Steve Brooks set a world record for the mile aboard the U.S. Triple Crown Champion Citation in winning the 1950 Golden Gate Mile at Golden Gate Fields. He also rode Citation to victory in the 1951 Hollywood Gold Cup, a win that made Citation the first horse in history to earn more than $1 million. In the 1959 Citation Handicap, an exhibition race at Washington Park Racetrack to honor the great horse, Brooks rode Round Table to victory. In 1952, he rode Charles T. Fisher's Sub Fleet to a second-place finish in the Kentucky Derby and to fifth in the Preakness Stakes.

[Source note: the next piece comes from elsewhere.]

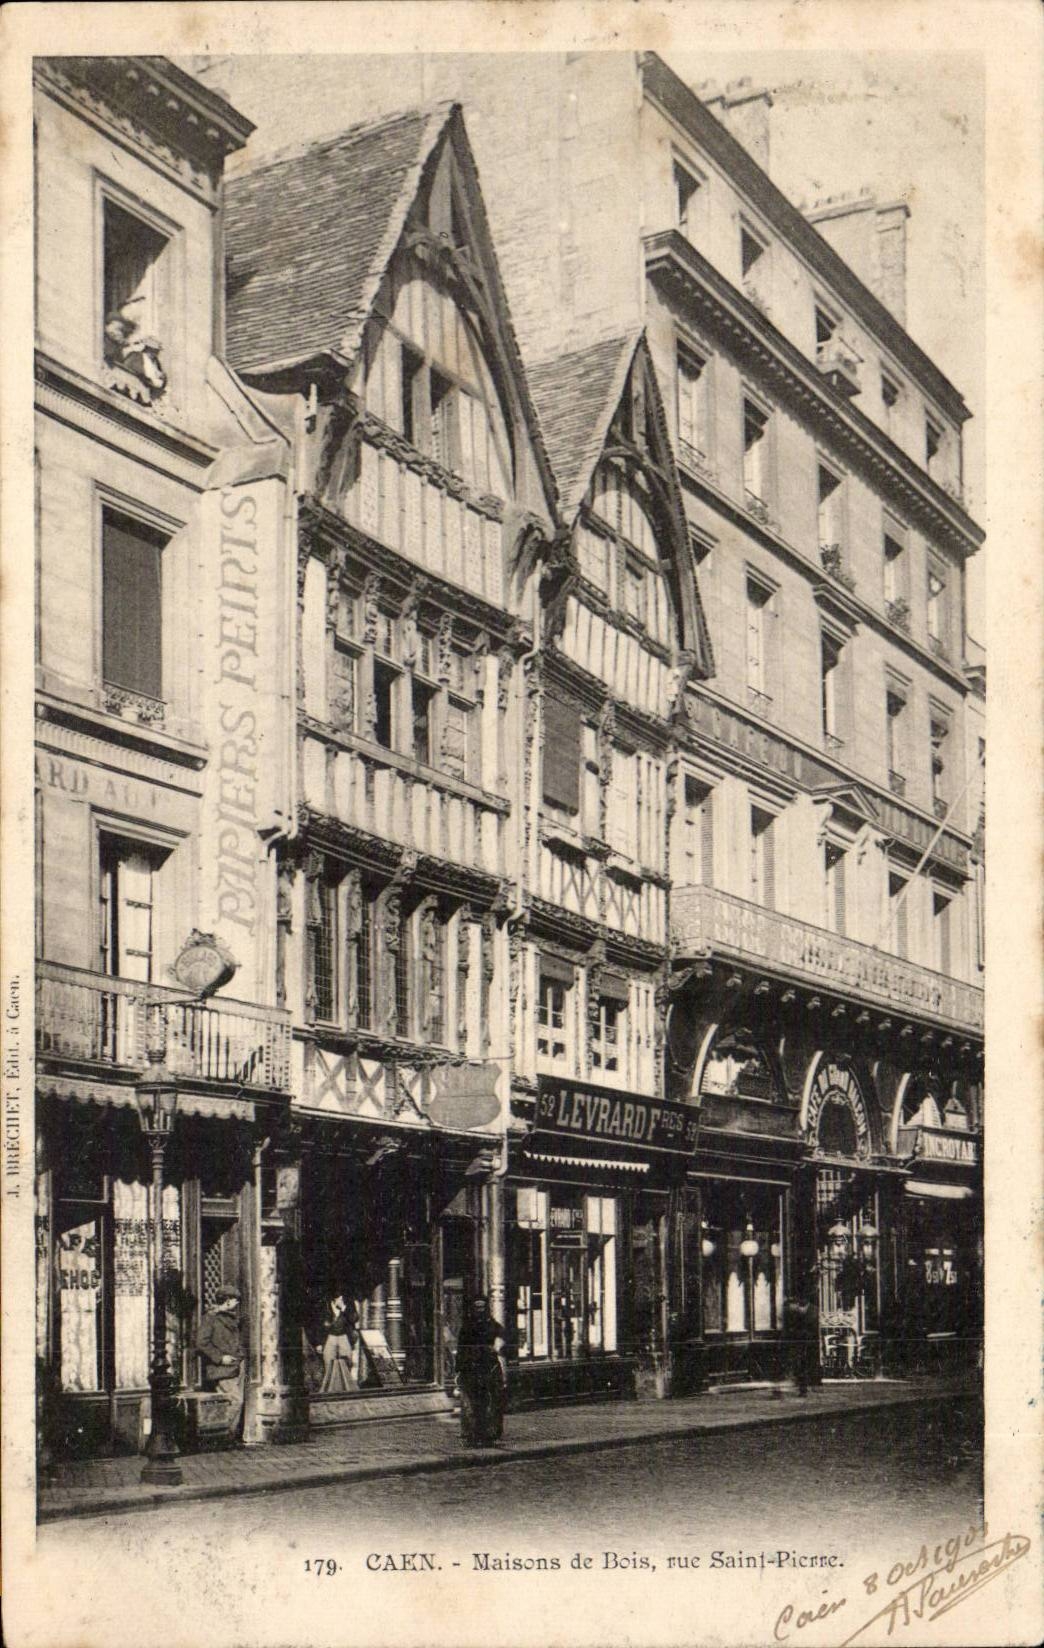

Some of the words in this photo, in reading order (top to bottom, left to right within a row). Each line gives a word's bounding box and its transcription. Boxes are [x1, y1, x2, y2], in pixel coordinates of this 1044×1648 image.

[213, 488, 260, 690] PEINTS
[213, 703, 260, 936] PAPIERS
[556, 1089, 646, 1139] LEVRARD

At age forty in 1961, Steve Brooks was the leading jockey at Monmouth Park and on April 8, 1963, became only the fifth jockey in American Thoroughbred racing history to win 4,000 races. He retired in 1970, but continued working with racehorses. He made a comeback in 1975 but rode for only a short time. In 1979 Brooks was injured when he was thrown to the ground while exercising a horse at Arlington Park in Chicago. He died a few weeks later after undergoing surgery for a torn esophagus at Saints Mary and Elizabeth Hospital in Louisville, Kentucky.

==Racing honors==
Steve Brooks was inducted into the U. S. Racing Hall of Fame in 1963 and in 1971 was elected to the Nebraska Horse Racing Hall of Fame.